Prince of the Third Rank 恭勤貝勒
- Tenure: 1730–1744
- Born: Aisin Gioro Yunhu (愛新覺羅·允祜) 10 January 1712
- Died: 12 February 1744 (aged 32)
- Consorts: Lady Irgen Gioro Lady Uya
- Issue: 5 sons 4 daughters

Names
- Aisin Gioro Yunhu (愛新覺羅·允祜)

Posthumous name
- Prince Gongqin of the Third Rank 恭勤貝勒
- House: Aisin Gioro
- Father: Kangxi Emperor
- Mother: Imperial Concubine Jin

= Yunhu =

Qing Chinese prince

Aisin Gioro Yunhu (允祜; 10 January 1712 – 12 February 1744), born Yinhu, formally known as Prince of the Third Rank (貝勒), was an imperial prince of the Manchu ruled Qing Dynasty. He was the 32nd son of Kangxi Emperor and the 22nd who would survive to adulthood.

== Life ==
Yinhu was born on the third day of December in the 51st year of Kangxi reign to Xuanye, the Kangxi Emperor, and Imperial Concubine Jin.

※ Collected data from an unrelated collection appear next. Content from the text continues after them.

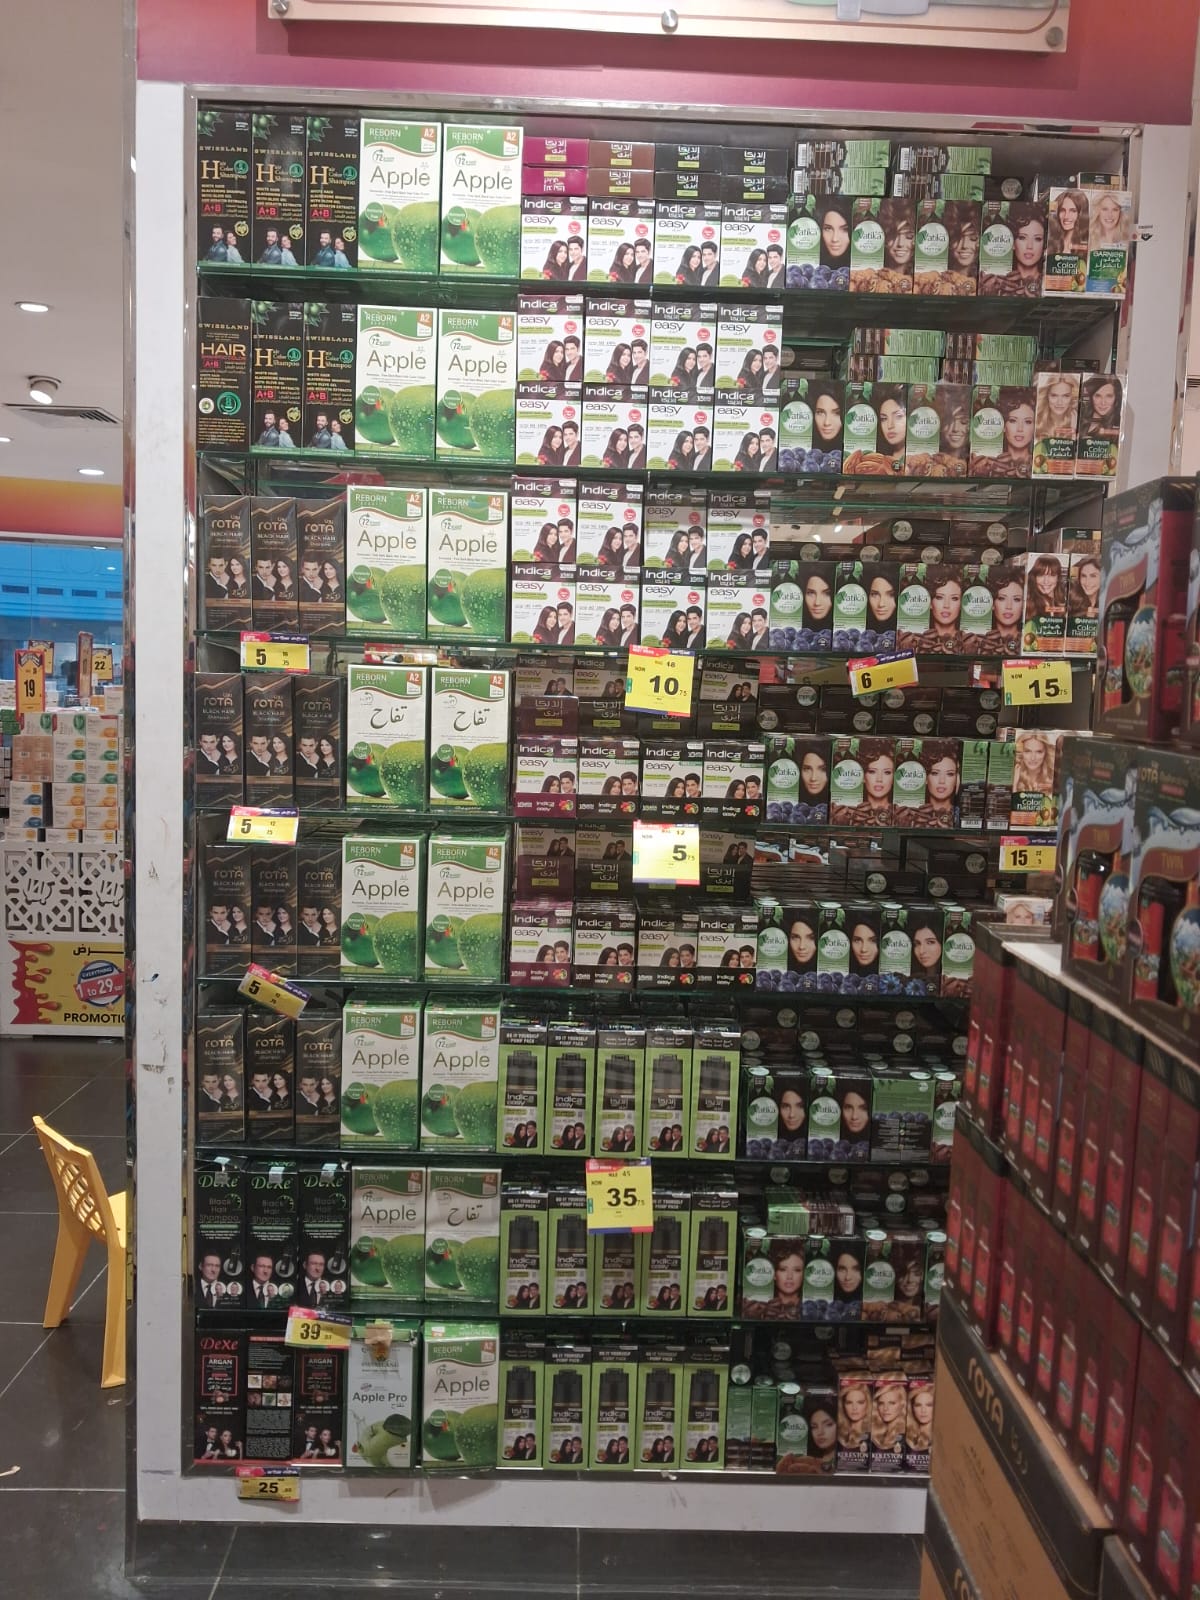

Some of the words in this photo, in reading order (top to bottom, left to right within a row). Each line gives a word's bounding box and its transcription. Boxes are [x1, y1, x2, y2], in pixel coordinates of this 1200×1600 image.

[369, 128, 401, 138] REBORN
[423, 128, 435, 138] A2
[452, 132, 484, 142] REBORN
[505, 132, 517, 142] A2
[370, 165, 431, 189] Apple
[453, 169, 513, 193] Apple
[204, 204, 222, 213] A+B
[524, 199, 563, 209] Indica
[658, 203, 696, 214] Indica
[259, 207, 276, 216] A+B
[312, 209, 330, 217] A+B
[524, 216, 555, 226] easy
[724, 223, 755, 233] easy
[520, 299, 558, 309] Indica
[655, 305, 693, 315] Indica
[720, 307, 758, 318] Indica
[366, 313, 398, 323] REBORN
[419, 313, 431, 323] A2
[448, 317, 479, 327] REBORN
[500, 316, 512, 326] A2
[655, 321, 685, 331] easy
[201, 342, 246, 356] HAIR
[367, 350, 427, 371] Apple
[448, 353, 508, 376] Apple
[586, 387, 623, 397] Indica
[717, 392, 755, 401] Indica
[586, 403, 616, 413] easy
[582, 484, 618, 496] Indica
[356, 494, 387, 504] REBORN
[409, 493, 421, 503] A2
[438, 498, 469, 507] REBORN
[491, 497, 502, 507] A2
[515, 499, 545, 508] easy
[711, 510, 740, 519] easy
[357, 529, 417, 551] Apple
[439, 534, 498, 555] Apple
[579, 568, 616, 579] Indica
[711, 573, 747, 583] Indica
[646, 586, 676, 596] easy
[256, 649, 267, 666] 5
[95, 661, 105, 670] 22
[356, 672, 387, 682] REBORN
[409, 672, 420, 682] A2
[440, 676, 471, 686] REBORN
[492, 675, 503, 685] A2
[861, 672, 872, 689] 6
[24, 679, 36, 698] 19
[650, 675, 679, 696] 10
[1029, 678, 1060, 698] 15
[370, 705, 408, 729] تفاح
[454, 708, 491, 732] تفاح
[519, 745, 554, 754] Indica
[646, 749, 681, 758] Indica
[582, 761, 611, 770] easy
[241, 819, 252, 834] 5
[351, 847, 382, 855] REBORN
[436, 849, 467, 858] REBORN
[672, 845, 687, 862] 5
[1011, 850, 1028, 867] 15
[352, 879, 410, 901] Apple
[437, 881, 495, 903] Apple
[514, 916, 548, 924] Indica
[641, 920, 675, 928] Indica
[701, 921, 735, 930] Indica
[514, 929, 543, 938] easy
[700, 935, 729, 943] easy
[82, 967, 113, 978] EVERYTHING
[76, 984, 83, 998] 1
[87, 988, 97, 997] to
[97, 979, 114, 994] 29
[249, 980, 262, 995] 5
[351, 1016, 382, 1025] REBORN
[432, 1018, 462, 1027] REBORN
[352, 1049, 410, 1072] Apple
[433, 1051, 490, 1072] Apple
[607, 1188, 638, 1207] 35
[362, 1205, 417, 1225] Apple
[448, 1204, 483, 1225] تفاح
[300, 1323, 321, 1340] 39
[433, 1346, 463, 1354] REBORN
[434, 1376, 491, 1397] Apple
[353, 1392, 385, 1403] Apple
[388, 1392, 408, 1403] Pro
[259, 1482, 279, 1494] 25
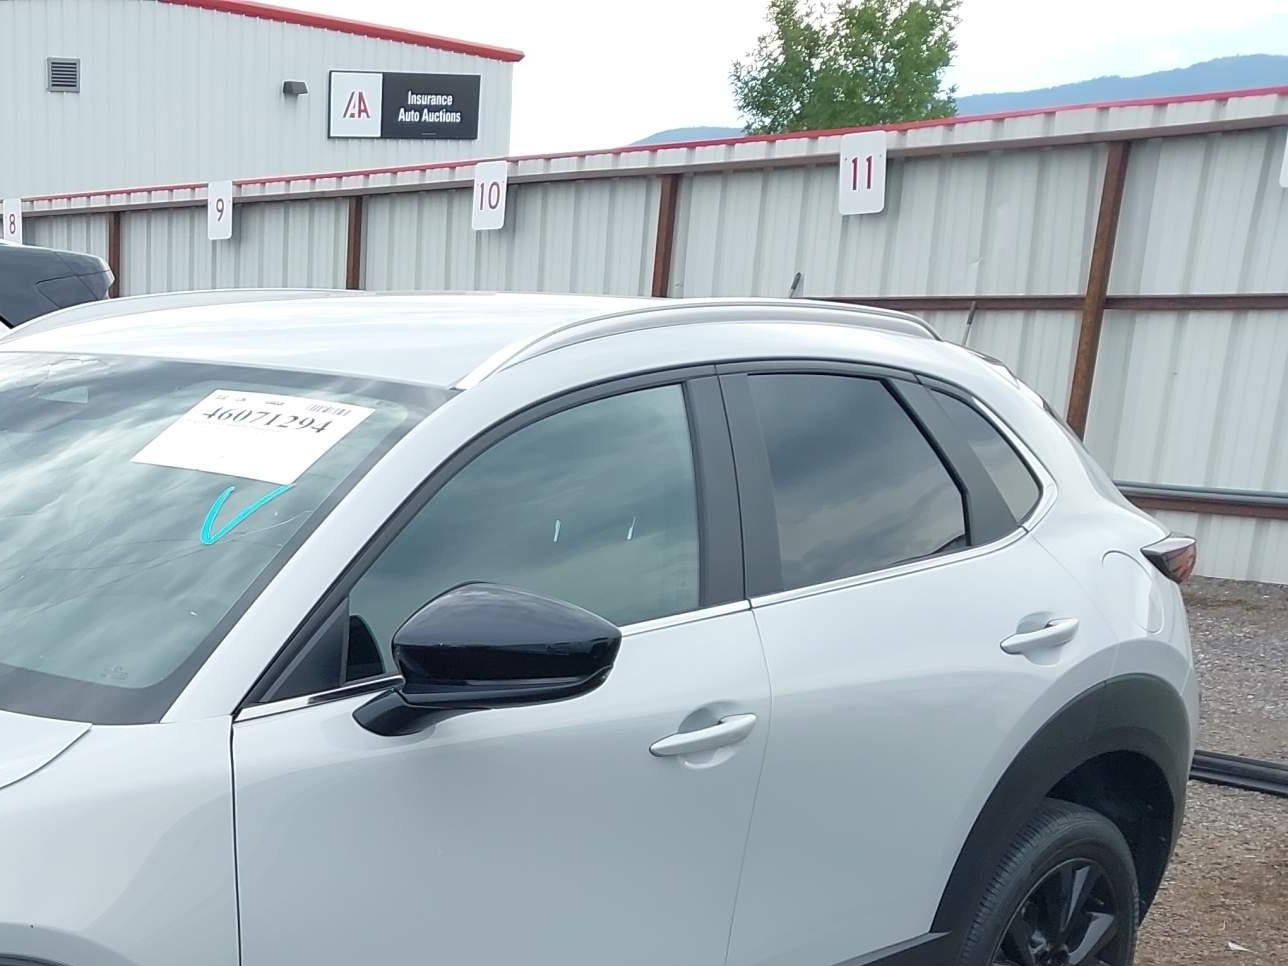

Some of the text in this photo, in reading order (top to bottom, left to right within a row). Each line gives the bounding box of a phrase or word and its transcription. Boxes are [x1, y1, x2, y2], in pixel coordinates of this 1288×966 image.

[407, 90, 453, 106] Insurance
[398, 107, 461, 123] Auto Auctions
[852, 155, 872, 191] 11
[480, 181, 500, 210] 10
[216, 198, 225, 221] 9
[9, 213, 16, 234] 8
[202, 406, 333, 433] 46071294

He changed his name to Yunhu when his elder brother, Yinzhen, ascended to the throne as Yongzheng Emperor.

In the 8th year of Yongzheng reign (1730), he was granted the title of Prince of the Third Rank. In the 12th year of Yongzheng, he was awarded with the titles of Prince Jin of the Third Rank (晉貝勒).

In 1738, an official named Sun Jiagan reported that storehouses of Yunhu's manor were overflown with tributes. The report led to a trial at the Imperial Clan Court. Nevertheless, Yunhu did not lose his title.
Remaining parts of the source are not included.